Minister of State for Public Works Government of West Bengal
- In office 20 May 2011 – 24 May 2014
- Governor: M.K. Narayanan
- Preceded by: Parikshit Let of CPI(M)
- Succeeded by: Bayron Biswas of INC
- Constituency: Sagardhighi

Minister of State (Independent Charge) for Food processing industry and Horticulture Government of West Bengal
- In office 10 May 2021 – 29 December 2022
- Governor: Jagdeep Dhankhar La. Ganesan C. V. Ananda Bose

Member of the West Bengal Legislative Assembly
- In office 13 May 2011 – 29 December 2022
- Constituency: Sagardighi

Personal details
- Born: 5 December 1953
- Died: 29 December 2022 (aged 69) Murshidabad, West Bengal, India
- Party: All India Trinamool Congress
- Other political affiliations: Indian National Congress
- Children: 1

= Subrata Saha =

Indian politician (1953–2022)

Subrata Saha (5 December 1953 – 29 December 2022) was an Indian eminent politician who served as Minister without portfolio and as Minister of State for Public Works in the Government of West Bengal.
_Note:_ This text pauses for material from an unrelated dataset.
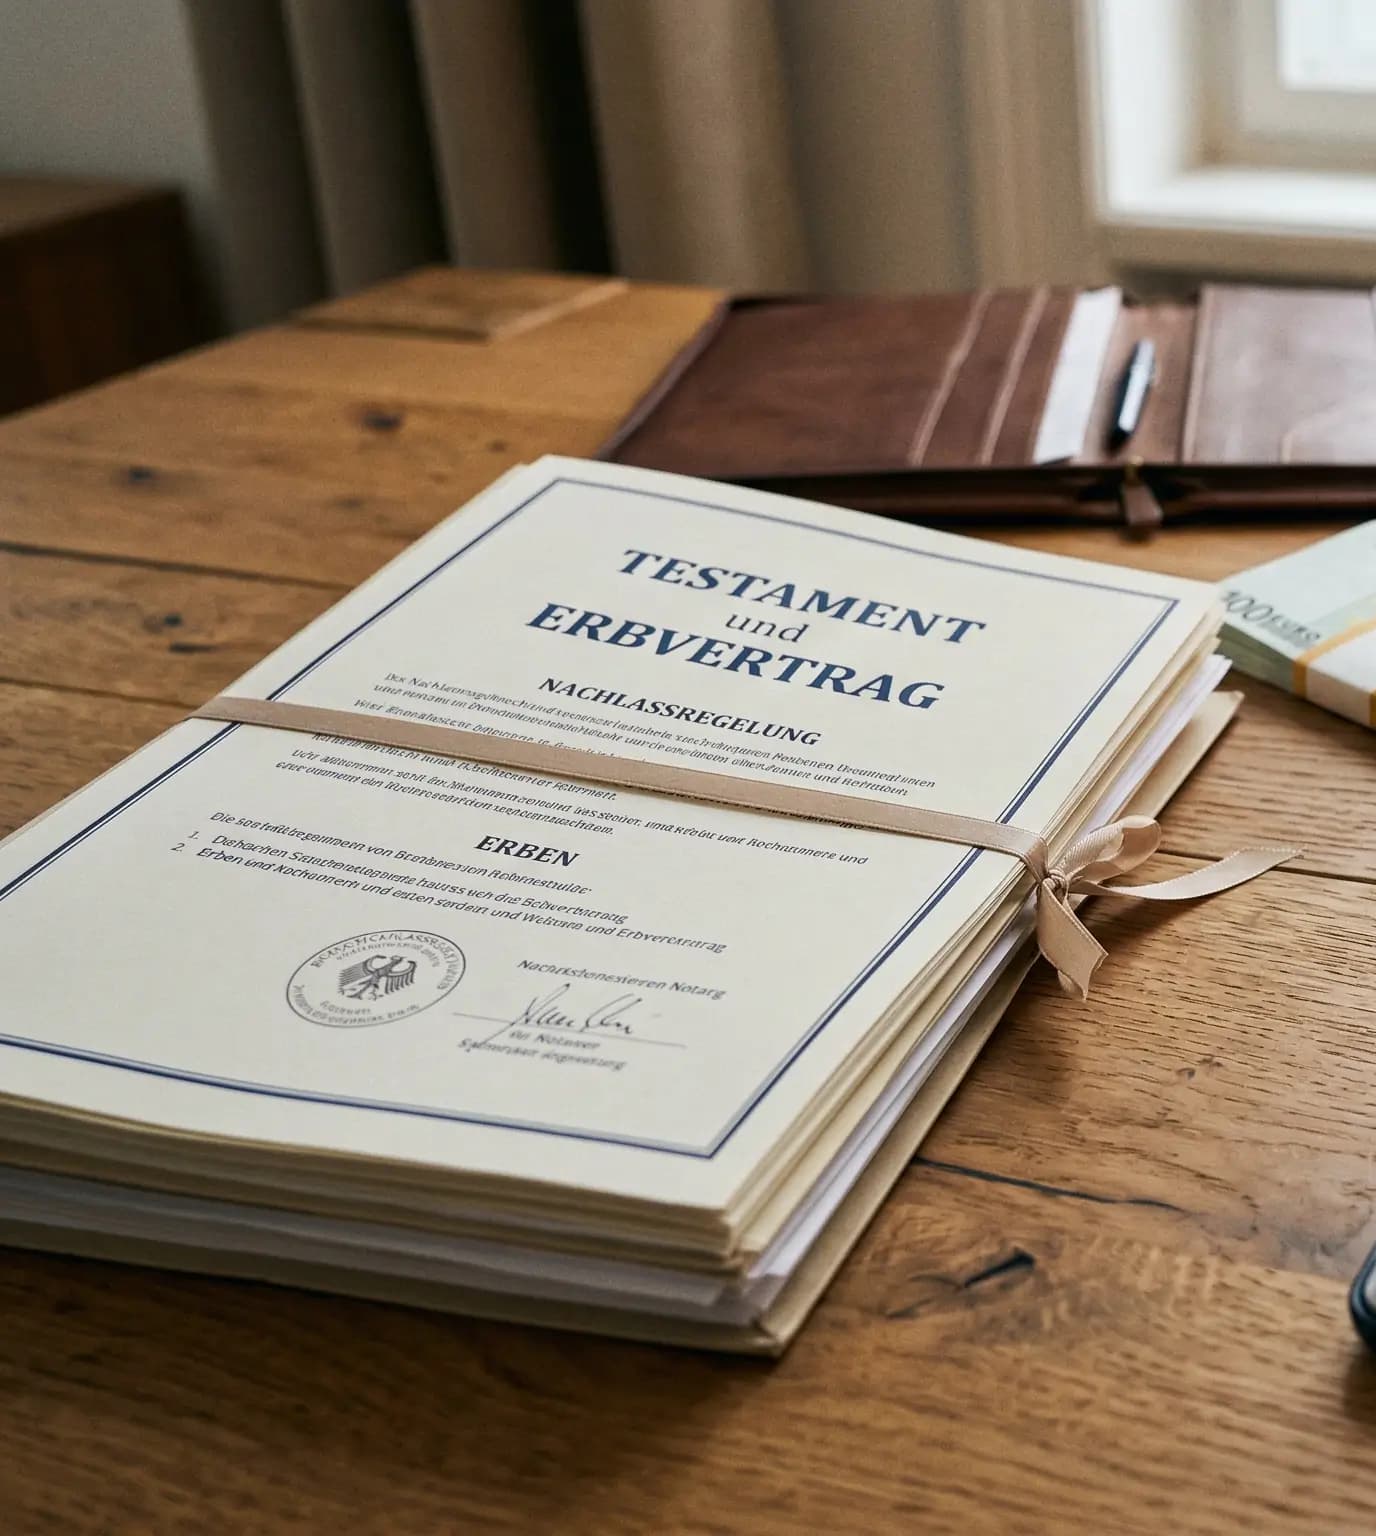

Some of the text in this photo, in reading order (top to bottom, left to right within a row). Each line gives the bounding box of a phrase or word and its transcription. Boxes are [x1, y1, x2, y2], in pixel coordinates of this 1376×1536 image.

He was also a MLA, elected from the Sagardighi constituency in the 2011 West Bengal state assembly election.

Subrata Saha was divested of his portfolio and retained as minister without portfolio in May 2014.

Saha was a law graduate and a businessman. He died from complications from gallbladder surgery on 29 December 2022, at the age of 69.